● **Work item**
Please transcribe, word for word, the line containing "this 1865×1080 image." and every line after it through the end of the records below, and nothing else.
*** Opening of Task material ***
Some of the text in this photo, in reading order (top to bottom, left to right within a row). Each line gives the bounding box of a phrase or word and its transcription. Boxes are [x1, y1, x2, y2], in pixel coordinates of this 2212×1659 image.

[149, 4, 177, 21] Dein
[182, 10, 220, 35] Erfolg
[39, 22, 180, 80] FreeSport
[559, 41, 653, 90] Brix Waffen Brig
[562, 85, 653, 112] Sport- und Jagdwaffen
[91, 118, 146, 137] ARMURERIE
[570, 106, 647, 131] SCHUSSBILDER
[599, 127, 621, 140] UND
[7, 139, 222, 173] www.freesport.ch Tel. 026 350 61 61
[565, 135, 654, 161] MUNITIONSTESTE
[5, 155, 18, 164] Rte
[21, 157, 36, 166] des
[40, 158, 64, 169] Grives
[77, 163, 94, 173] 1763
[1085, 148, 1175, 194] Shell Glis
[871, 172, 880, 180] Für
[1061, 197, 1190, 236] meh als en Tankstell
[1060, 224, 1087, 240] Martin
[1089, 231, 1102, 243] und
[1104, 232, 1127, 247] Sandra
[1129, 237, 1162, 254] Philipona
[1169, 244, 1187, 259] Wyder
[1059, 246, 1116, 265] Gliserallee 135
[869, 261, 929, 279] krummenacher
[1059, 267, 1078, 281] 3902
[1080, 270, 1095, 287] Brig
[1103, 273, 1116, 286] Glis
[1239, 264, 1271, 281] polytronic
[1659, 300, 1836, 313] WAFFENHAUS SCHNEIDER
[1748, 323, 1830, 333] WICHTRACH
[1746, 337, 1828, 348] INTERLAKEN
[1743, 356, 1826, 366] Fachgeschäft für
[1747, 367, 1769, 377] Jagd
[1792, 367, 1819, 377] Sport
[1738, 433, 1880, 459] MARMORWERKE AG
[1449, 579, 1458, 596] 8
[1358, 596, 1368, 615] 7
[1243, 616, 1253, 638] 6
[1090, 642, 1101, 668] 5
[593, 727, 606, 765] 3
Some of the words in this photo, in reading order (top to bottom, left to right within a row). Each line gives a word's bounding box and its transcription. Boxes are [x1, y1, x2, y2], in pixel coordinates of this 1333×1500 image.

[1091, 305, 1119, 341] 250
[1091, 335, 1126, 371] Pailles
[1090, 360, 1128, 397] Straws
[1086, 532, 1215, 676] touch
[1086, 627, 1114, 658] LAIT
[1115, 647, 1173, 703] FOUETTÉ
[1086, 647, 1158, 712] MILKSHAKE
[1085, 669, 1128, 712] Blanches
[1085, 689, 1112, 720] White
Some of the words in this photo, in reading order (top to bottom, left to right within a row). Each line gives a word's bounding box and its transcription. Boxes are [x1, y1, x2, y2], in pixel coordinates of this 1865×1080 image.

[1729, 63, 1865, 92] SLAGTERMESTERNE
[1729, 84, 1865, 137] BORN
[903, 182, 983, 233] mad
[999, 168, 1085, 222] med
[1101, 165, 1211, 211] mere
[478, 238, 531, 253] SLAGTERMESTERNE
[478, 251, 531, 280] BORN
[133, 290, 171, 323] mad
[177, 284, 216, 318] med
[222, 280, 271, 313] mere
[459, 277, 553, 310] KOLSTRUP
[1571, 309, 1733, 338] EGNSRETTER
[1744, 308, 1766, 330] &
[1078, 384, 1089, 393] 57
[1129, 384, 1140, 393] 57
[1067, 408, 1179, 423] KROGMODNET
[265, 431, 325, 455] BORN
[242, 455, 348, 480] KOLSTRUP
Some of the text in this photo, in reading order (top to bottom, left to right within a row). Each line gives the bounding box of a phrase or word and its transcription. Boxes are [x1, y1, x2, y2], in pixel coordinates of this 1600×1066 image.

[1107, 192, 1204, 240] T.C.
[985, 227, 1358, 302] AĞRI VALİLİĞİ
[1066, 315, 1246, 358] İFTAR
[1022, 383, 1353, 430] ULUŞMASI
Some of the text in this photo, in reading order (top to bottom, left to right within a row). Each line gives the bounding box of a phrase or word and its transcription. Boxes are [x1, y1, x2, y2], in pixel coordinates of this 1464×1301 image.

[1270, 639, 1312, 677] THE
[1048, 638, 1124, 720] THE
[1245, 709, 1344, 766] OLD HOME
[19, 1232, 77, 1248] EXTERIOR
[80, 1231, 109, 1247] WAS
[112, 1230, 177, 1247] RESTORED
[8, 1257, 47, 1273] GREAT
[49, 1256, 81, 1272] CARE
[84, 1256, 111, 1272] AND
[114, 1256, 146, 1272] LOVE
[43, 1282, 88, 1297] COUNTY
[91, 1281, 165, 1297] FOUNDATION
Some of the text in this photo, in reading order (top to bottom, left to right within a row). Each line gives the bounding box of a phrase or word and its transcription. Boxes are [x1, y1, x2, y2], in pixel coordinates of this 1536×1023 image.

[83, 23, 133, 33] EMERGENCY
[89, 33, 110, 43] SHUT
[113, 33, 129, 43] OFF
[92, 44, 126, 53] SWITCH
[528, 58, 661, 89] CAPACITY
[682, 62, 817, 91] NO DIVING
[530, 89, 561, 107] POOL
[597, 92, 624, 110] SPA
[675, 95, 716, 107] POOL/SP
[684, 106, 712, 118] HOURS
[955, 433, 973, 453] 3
*** Close of Task material ***
● **Result of the task**
Some of the words in this photo, in reading order (top to bottom, left to right within a row). Each line gives a word's bounding box and its transcription. Boxes are [x1, y1, x2, y2], in pixel coordinates of this 1865×1080 image.

[1729, 63, 1865, 92] SLAGTERMESTERNE
[1729, 84, 1865, 137] BORN
[903, 182, 983, 233] mad
[999, 168, 1085, 222] med
[1101, 165, 1211, 211] mere
[478, 238, 531, 253] SLAGTERMESTERNE
[478, 251, 531, 280] BORN
[133, 290, 171, 323] mad
[177, 284, 216, 318] med
[222, 280, 271, 313] mere
[459, 277, 553, 310] KOLSTRUP
[1571, 309, 1733, 338] EGNSRETTER
[1744, 308, 1766, 330] &
[1078, 384, 1089, 393] 57
[1129, 384, 1140, 393] 57
[1067, 408, 1179, 423] KROGMODNET
[265, 431, 325, 455] BORN
[242, 455, 348, 480] KOLSTRUP
Some of the text in this photo, in reading order (top to bottom, left to right within a row). Each line gives the bounding box of a phrase or word and its transcription. Boxes are [x1, y1, x2, y2], in pixel coordinates of this 1600×1066 image.

[1107, 192, 1204, 240] T.C.
[985, 227, 1358, 302] AĞRI VALİLİĞİ
[1066, 315, 1246, 358] İFTAR
[1022, 383, 1353, 430] ULUŞMASI
Some of the text in this photo, in reading order (top to bottom, left to right within a row). Each line gives the bounding box of a phrase or word and its transcription. Boxes are [x1, y1, x2, y2], in pixel coordinates of this 1464×1301 image.

[1270, 639, 1312, 677] THE
[1048, 638, 1124, 720] THE
[1245, 709, 1344, 766] OLD HOME
[19, 1232, 77, 1248] EXTERIOR
[80, 1231, 109, 1247] WAS
[112, 1230, 177, 1247] RESTORED
[8, 1257, 47, 1273] GREAT
[49, 1256, 81, 1272] CARE
[84, 1256, 111, 1272] AND
[114, 1256, 146, 1272] LOVE
[43, 1282, 88, 1297] COUNTY
[91, 1281, 165, 1297] FOUNDATION
Some of the text in this photo, in reading order (top to bottom, left to right within a row). Each line gives the bounding box of a phrase or word and its transcription. Boxes are [x1, y1, x2, y2], in pixel coordinates of this 1536×1023 image.

[83, 23, 133, 33] EMERGENCY
[89, 33, 110, 43] SHUT
[113, 33, 129, 43] OFF
[92, 44, 126, 53] SWITCH
[528, 58, 661, 89] CAPACITY
[682, 62, 817, 91] NO DIVING
[530, 89, 561, 107] POOL
[597, 92, 624, 110] SPA
[675, 95, 716, 107] POOL/SP
[684, 106, 712, 118] HOURS
[955, 433, 973, 453] 3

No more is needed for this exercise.